For a while, I have reported and warned about the dangers of the Chinese “social credit” system, which “scores” people based on a variety of random characteristics, and how it is an incredibly dangerous thing because it allows for the creation of an electronic caste system that actively locks certain people out of certain social venues and classifies them into categories they are not necessarily able to escape from. This is one of various warnings of the concept of the ‘matrix’, where people are trapped in a sort of controlling grid administered by a technocratic ‘elite’ for their own benefit in a new system of slavery.

The Washington Post reports by way of Chron.com that this social credit system is already here and is being silently used in the US to judge consumers in a never-before-seen vacuum of data that is actively replicating what exists in China.

Operating in the shadows of the online marketplace, specialized tech companies you’ve likely never heard of are tapping vast troves of our personal data to generate secret “surveillance scores” – digital mug shots of millions of Americans – that supposedly predict our future behavior. The firms sell their scoring services to major businesses across the U.S. economy.

People with low scores can suffer harsh consequences.

CoreLogic and TransUnion say that scores they peddle to landlords can predict whether a potential tenant will pay the rent on time, be able to “absorb rent increases,” or break a lease. Large employers use HireVue, a firm that generates an “employability” score about candidates by analyzing “tens of thousands of factors,” including a person’s facial expressions and voice intonations. Other employers use Cornerstone’s score, which considers where a job prospect lives and which web browser they use to judge how successful they will be at a job.

Brand-name retailers purchase “risk scores” from Retail Equation to help make judgments about whether consumers commit fraud when they return goods for refunds. Players in the gig economy use outside firms such as Sift to score consumers’ “overall trustworthiness.” Wireless customers predicted to be less profitable are sometimes forced to endure longer customer service hold times.

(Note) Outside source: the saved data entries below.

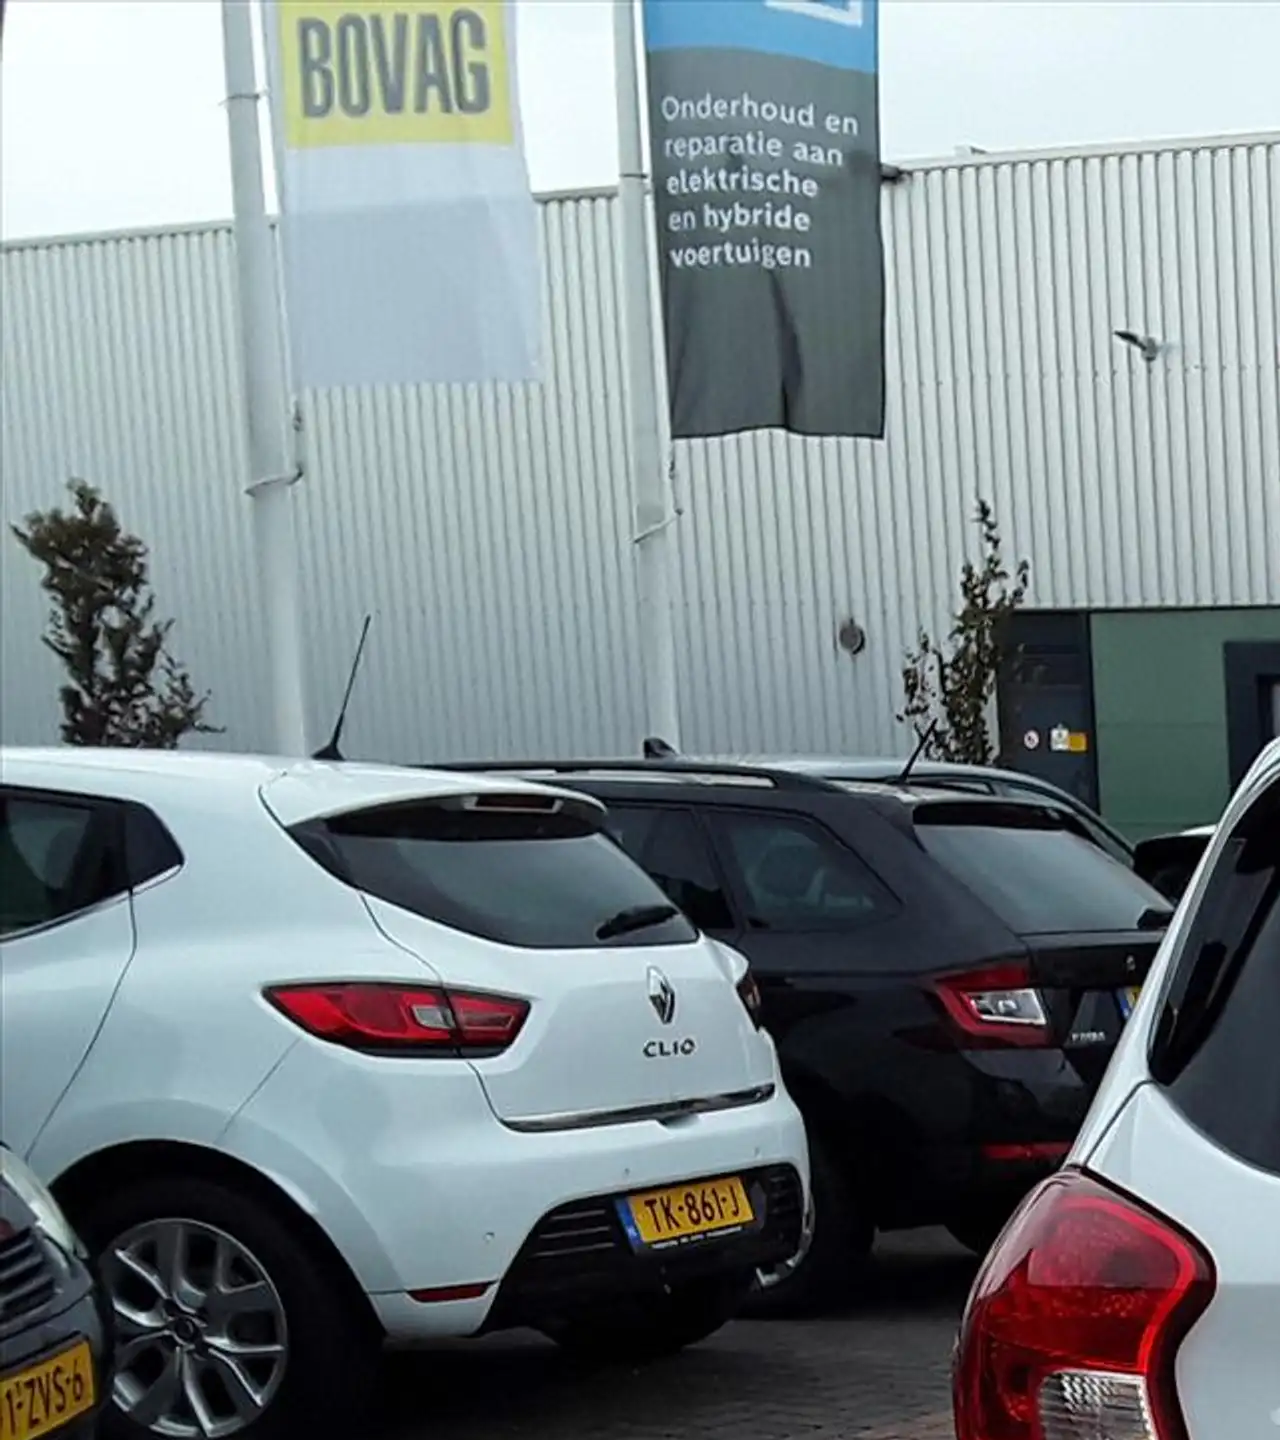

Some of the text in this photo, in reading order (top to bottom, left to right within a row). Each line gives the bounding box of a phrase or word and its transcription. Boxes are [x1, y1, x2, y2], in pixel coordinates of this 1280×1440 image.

[299, 8, 490, 119] BOVAG
[661, 92, 858, 136] Onderhoud en
[665, 130, 843, 166] reparatie aan
[666, 165, 819, 198] elektrische
[668, 202, 811, 233] en hybride
[669, 237, 811, 269] voertuigen
[642, 1038, 696, 1058] CLIO
[644, 1184, 740, 1233] TK-861-J

Auto insurers raise premiums based on scores calculated using information from smartphone apps that track driving styles. Large analytics firms monitor whether we are likely to take our medication based on our propensity to refill our prescriptions; pharmaceutical companies, health-care providers and insurance companies can use those scores to, among other things, “match the right patient investment level to the right patients.”

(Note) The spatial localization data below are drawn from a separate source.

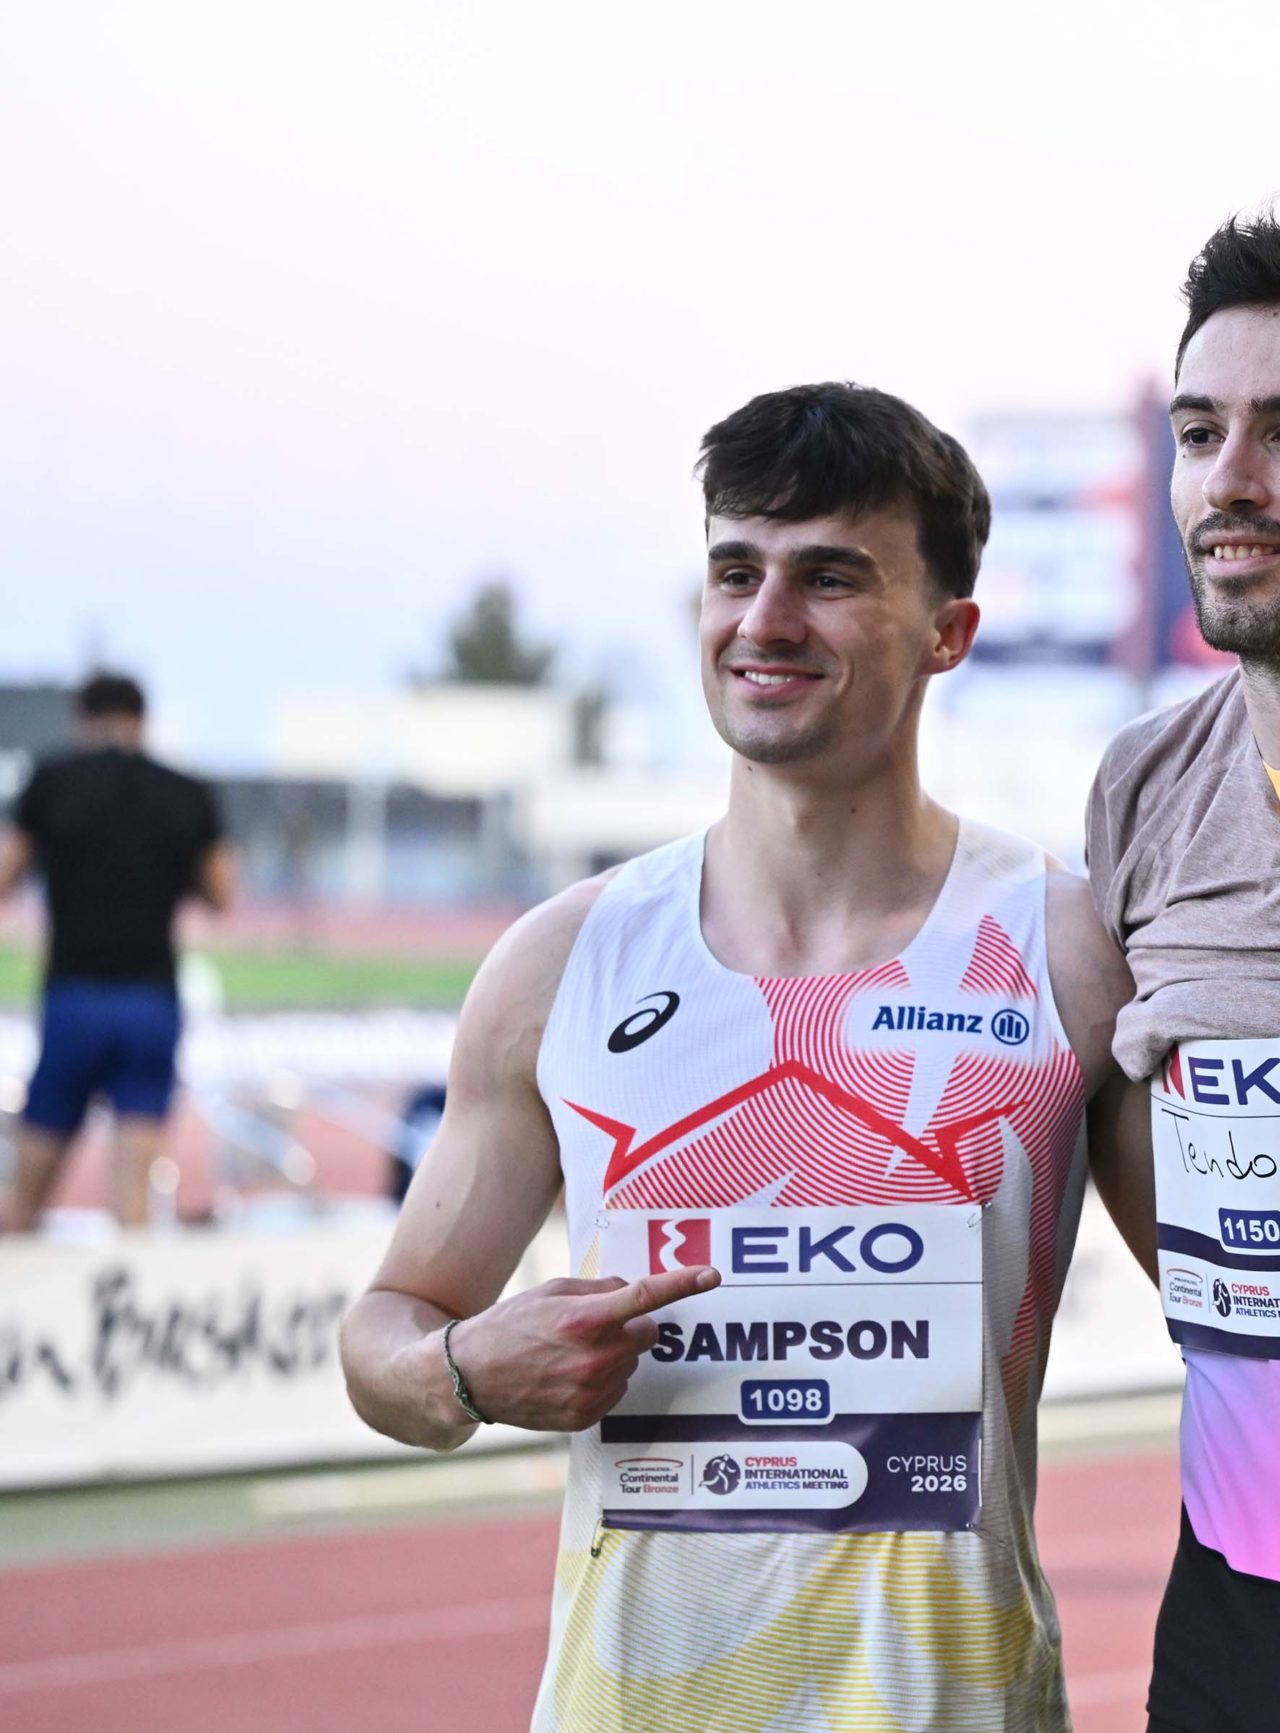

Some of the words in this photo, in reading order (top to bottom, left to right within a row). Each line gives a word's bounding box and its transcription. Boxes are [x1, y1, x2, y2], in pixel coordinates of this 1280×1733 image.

[872, 1006, 983, 1034] Allianz
[1223, 1218, 1280, 1242] 1150
[731, 1222, 924, 1273] EKO
[1231, 1283, 1270, 1296] CYPRUS
[1235, 1307, 1276, 1318] ATHLETICS
[651, 1319, 930, 1362] SAMPSON
[750, 1388, 822, 1411] 1098
[744, 1457, 797, 1467] CYPRUS
[886, 1455, 967, 1474] CYPRUS
[619, 1473, 679, 1482] Continental
[744, 1469, 847, 1479] INTERNATIONAL
[620, 1483, 641, 1493] Tour
[643, 1485, 679, 1493] Bronze
[745, 1481, 800, 1490] ATHLETICS
[802, 1481, 849, 1490] MEETING
[911, 1475, 967, 1492] 2026

Surveillance scoring is the product of two trends. First is the rampant (and mostly unregulated) collection of every intimate detail about our lives, amassed by the nanosecond from smartphones to cars, toasters to toys. This fire hose of data – most of which we surrender voluntarily – includes our demographics, income, facial characteristics, the sound of our voice, our precise location, shopping history, medical conditions, genetic information, what we search for on the Internet, the websites we visit, when we read an email, what apps we use and how long we use them, and how often we sleep, exercise and the like.

The second trend driving these scores is the arrival of technologies able to instantaneously crunch this data: exponentially more powerful computers and high-speed communications systems such as 5G, which lead to the scoring algorithms that use artificial intelligence to rate all of us in some way.

The result: automated decisions, based on each consumer’s unique score, that are, as a practical matter, irreversible.

That’s because the entire process – the scores themselves, as well as the data upon which they are based – is concealed from us. It is mostly impossible to know when one has become the casualty of a score, let alone whether a score is inaccurate, outdated or the product of biased or discriminatory code programmed by a faceless software engineer. There is no appeal. (source)

The main difference between the American and Chinese systems, it seems, will be that the Chinese system is openly brutal and repressive, while the American system allows a lot more, but still watches and operates in silence, and more nefariously, may “attack” at a more opportune time, and over specific matters, as opposed to the hard, brutish “one-size-fits-all” approach. In both model, nobody wins at all, because there is the surrendering of personal data, a loss of freedom, and the oppression of the common man to a small group of people unaccountable to anybody and for whom there is never enough power, as they ultimately desire not to be stewards of the world, but rather to overtake its creator and set themselves up in His place.